Vanna lo rassicurò benigna, prendendo parte alla celia.

— Sappiamo, sappiamo dove mirano i sospiri di Titta. Palmina mi ha fatto le sue confidenze.

Gli occhietti furbi di Palmina brillarono di soddisfazione, perocchè a lei faceva piacere tutto quanto a Titta faceva dispetto e per Titta era un bruciore, un rancore pensare alle tenaci insidie ordite da Palmina contro la sua incolumità di vecchio scapolo. Egli dunque raccolse i bicchieri nel vassoio e si allontanò dal salone, mentre Palmina lo seguiva ridendo e agitando irrequieta la sua piccola testa di lucertola.
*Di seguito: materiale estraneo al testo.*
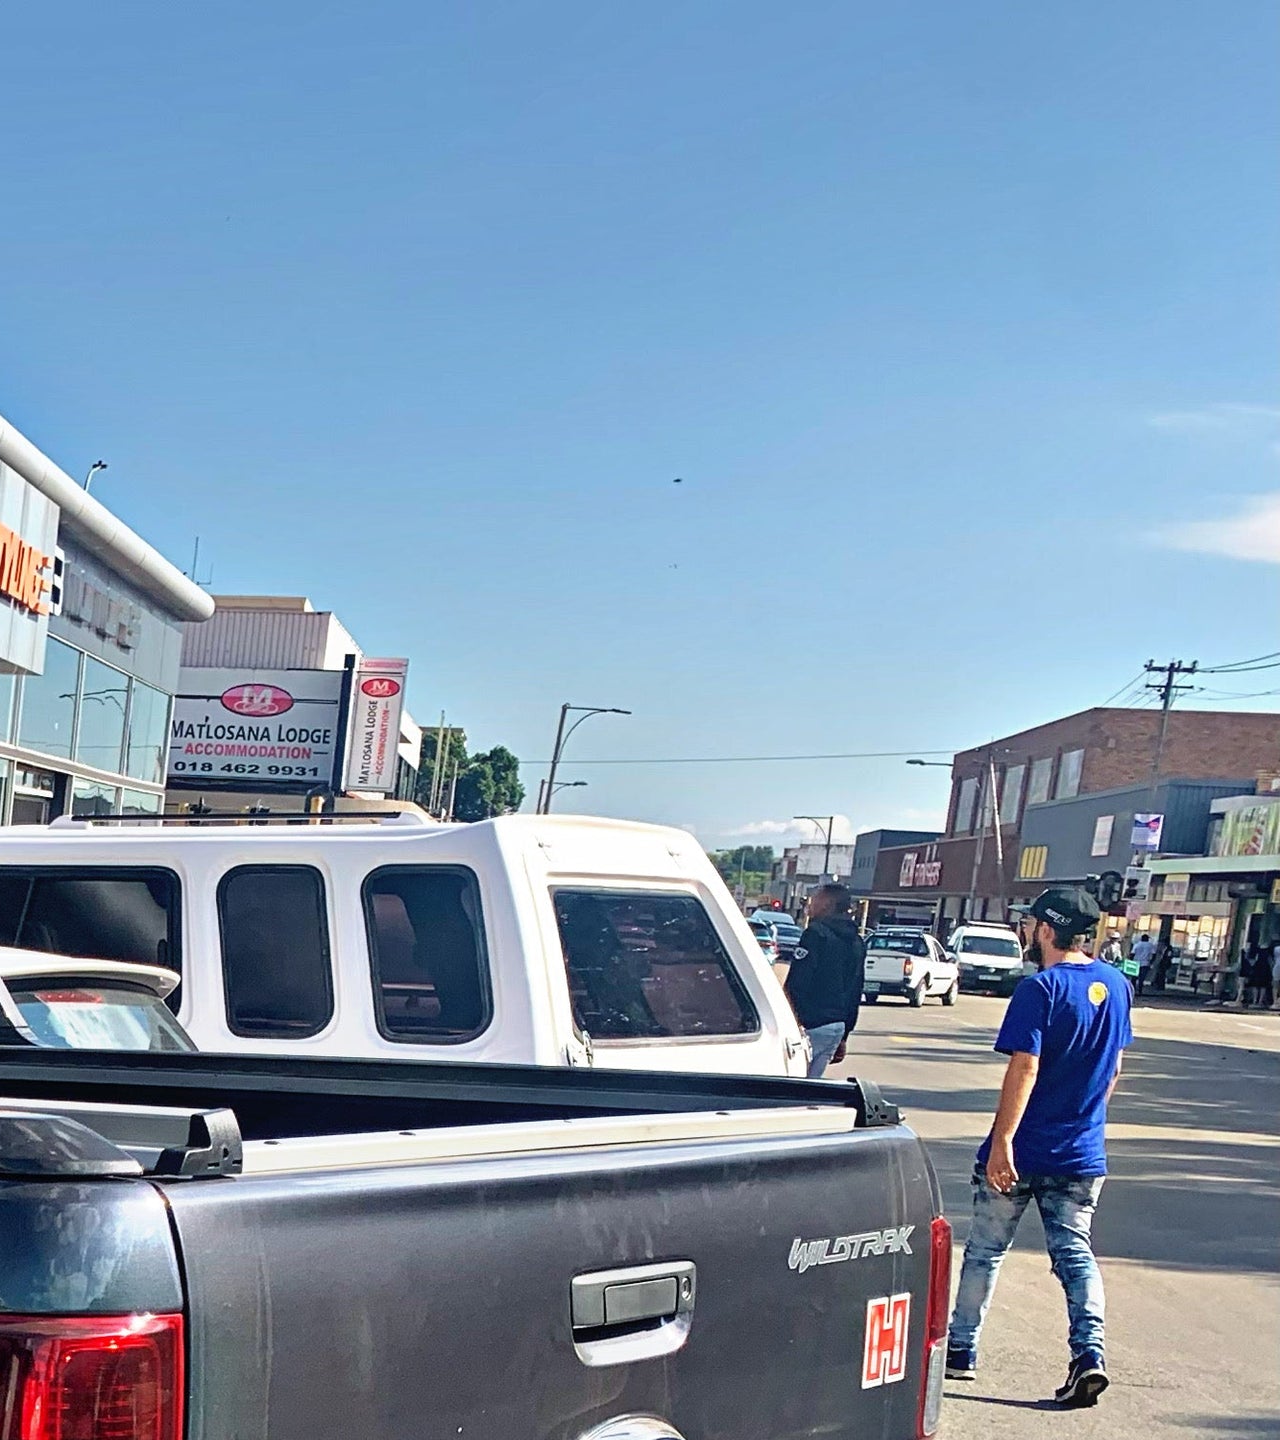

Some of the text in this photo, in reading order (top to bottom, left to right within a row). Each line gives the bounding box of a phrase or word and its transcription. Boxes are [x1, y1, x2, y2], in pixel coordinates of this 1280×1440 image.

[372, 680, 390, 691] M
[365, 700, 378, 728] LODGE
[277, 723, 331, 745] LODGE
[375, 709, 390, 777] ACCOMMODATION
[184, 742, 312, 759] ACCOMMODATION
[174, 761, 319, 777] 018 462 9931
[787, 1225, 916, 1274] WILDTRAK
[861, 1292, 912, 1390] H
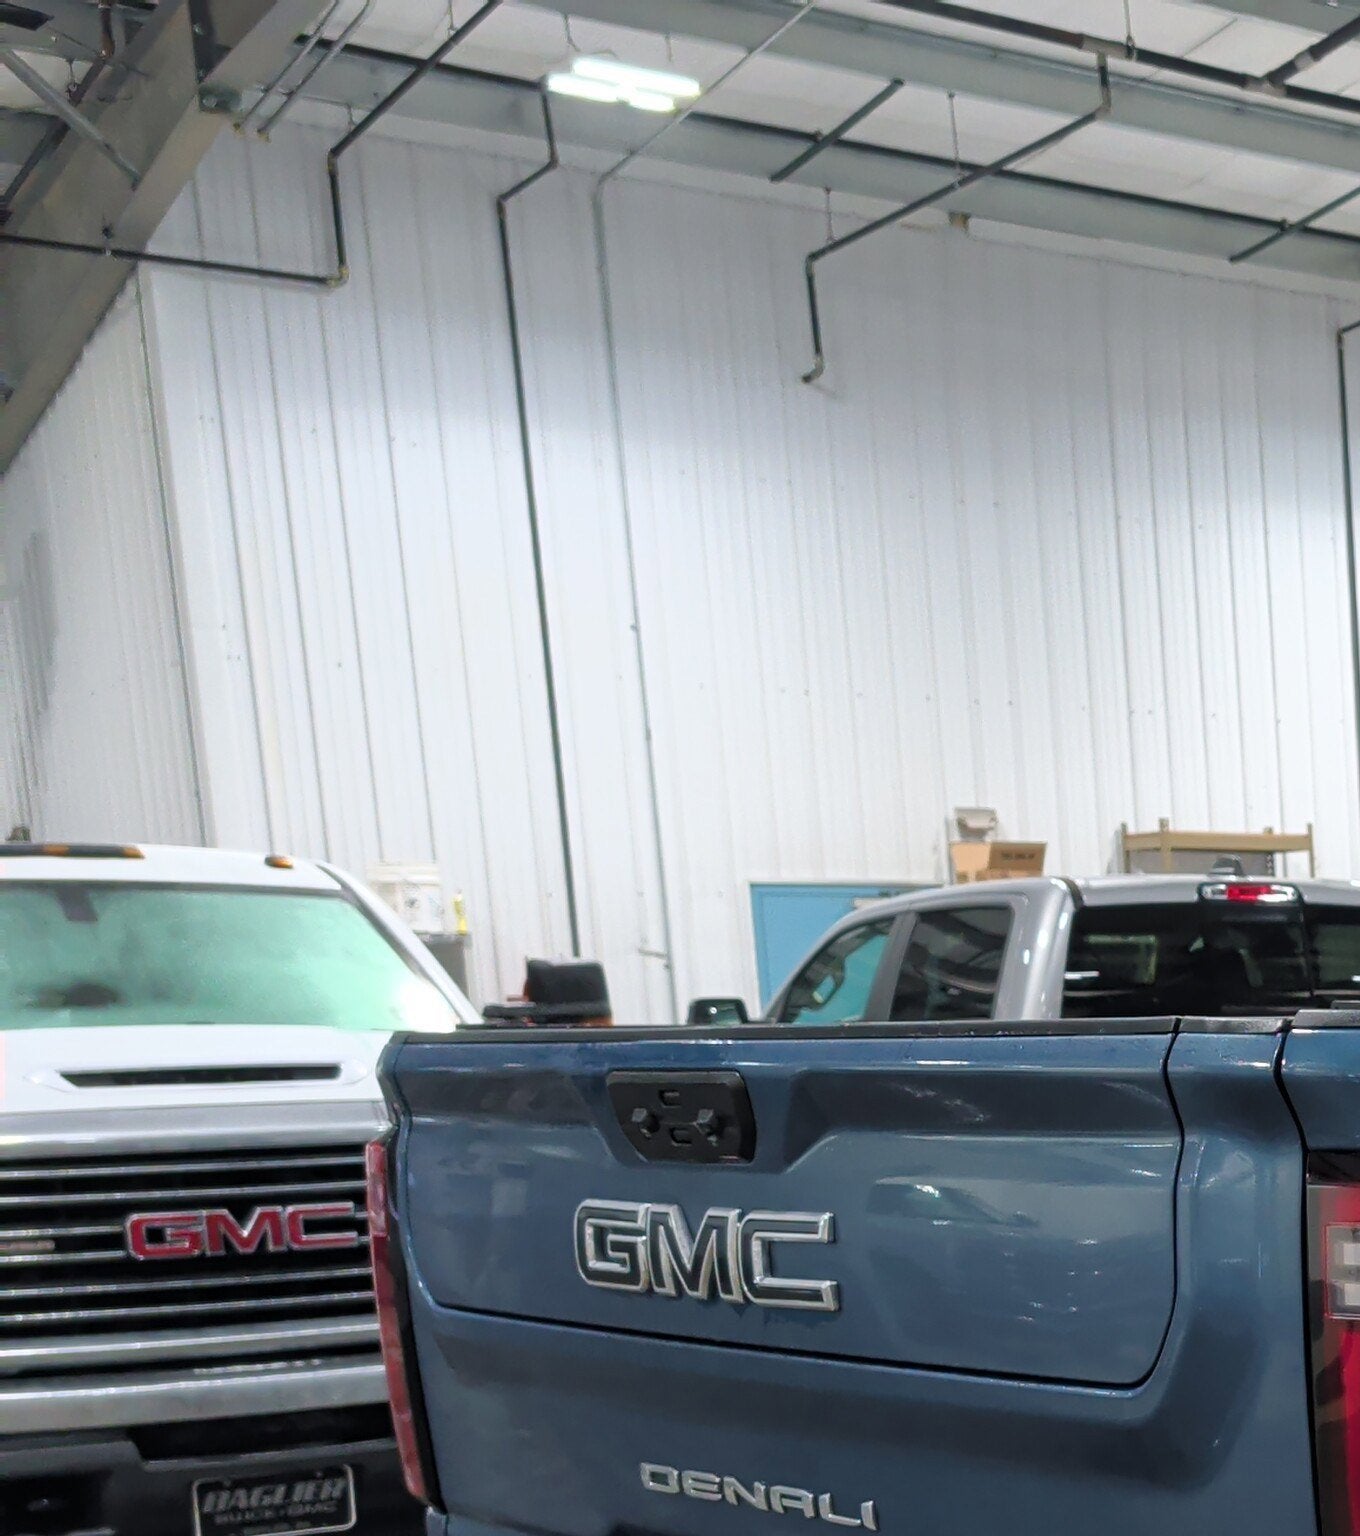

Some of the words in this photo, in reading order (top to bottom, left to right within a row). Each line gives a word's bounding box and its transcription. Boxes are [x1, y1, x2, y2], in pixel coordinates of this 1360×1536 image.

[125, 1201, 359, 1260] GMC
[574, 1199, 840, 1312] GMC
[640, 1462, 880, 1531] DENALI
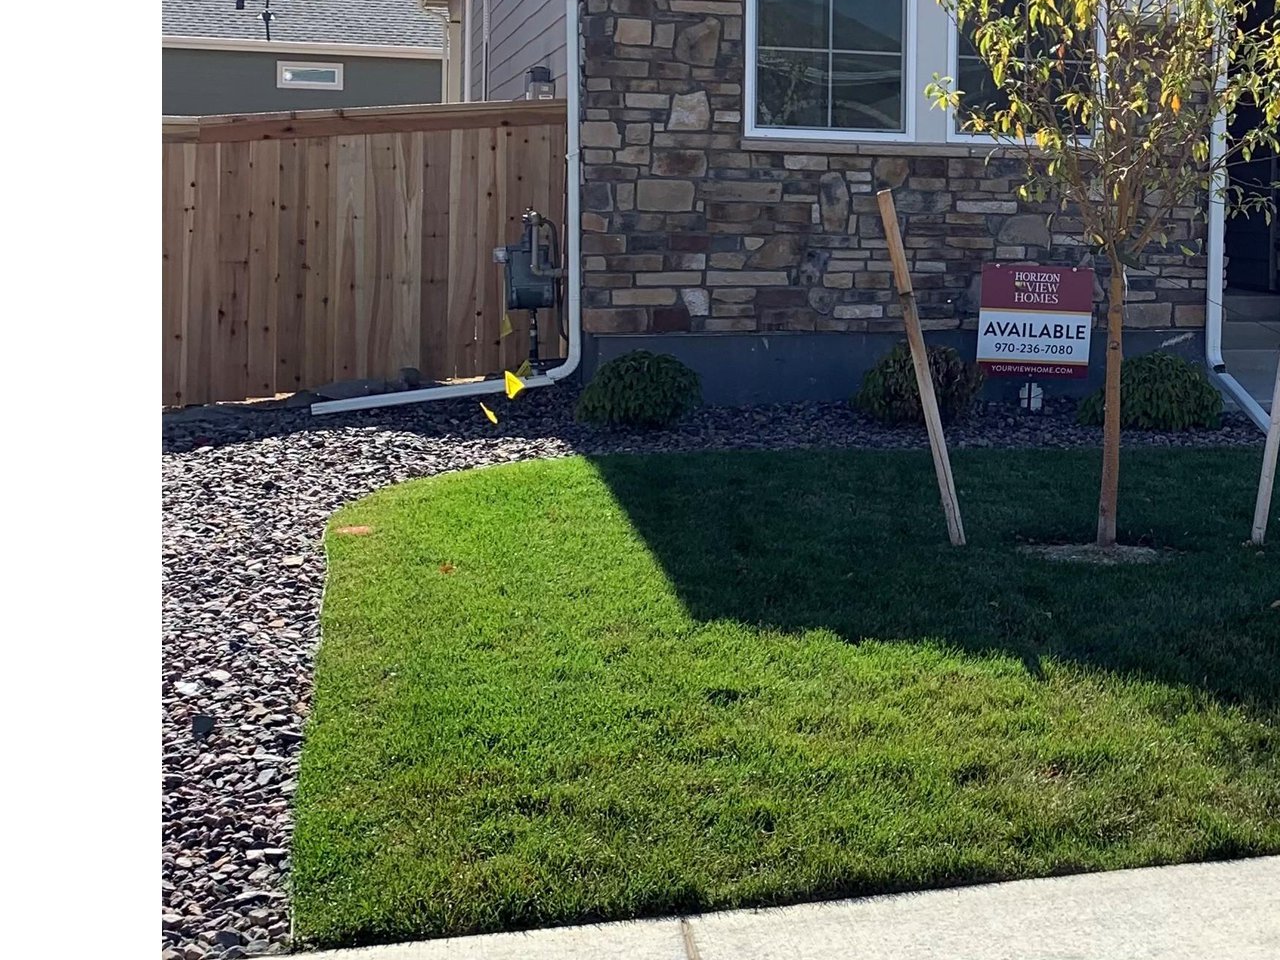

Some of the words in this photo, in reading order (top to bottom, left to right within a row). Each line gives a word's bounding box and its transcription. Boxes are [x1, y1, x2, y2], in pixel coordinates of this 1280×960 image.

La piazzetta Gualterio, tacita come la piazzetta d’un villaggio, era tutta immersa nell’ombra; a sinistra, sotto l’arcata, un omettino gobbo, seduto di fronte al suo deschetto, si serviva alacre di spago e di lesina; da via Luca Signorelli, a destra, giungeva il suono rauco del violoncello, sopra cui don Vìtale doveva accanirsi rabbiosamente.

In tanta pace echeggiò un passo precipitoso e, sul limitare della piazzetta, si vide Bindo Ranieri, che arrivava dal Corso per andare verso il Duomo.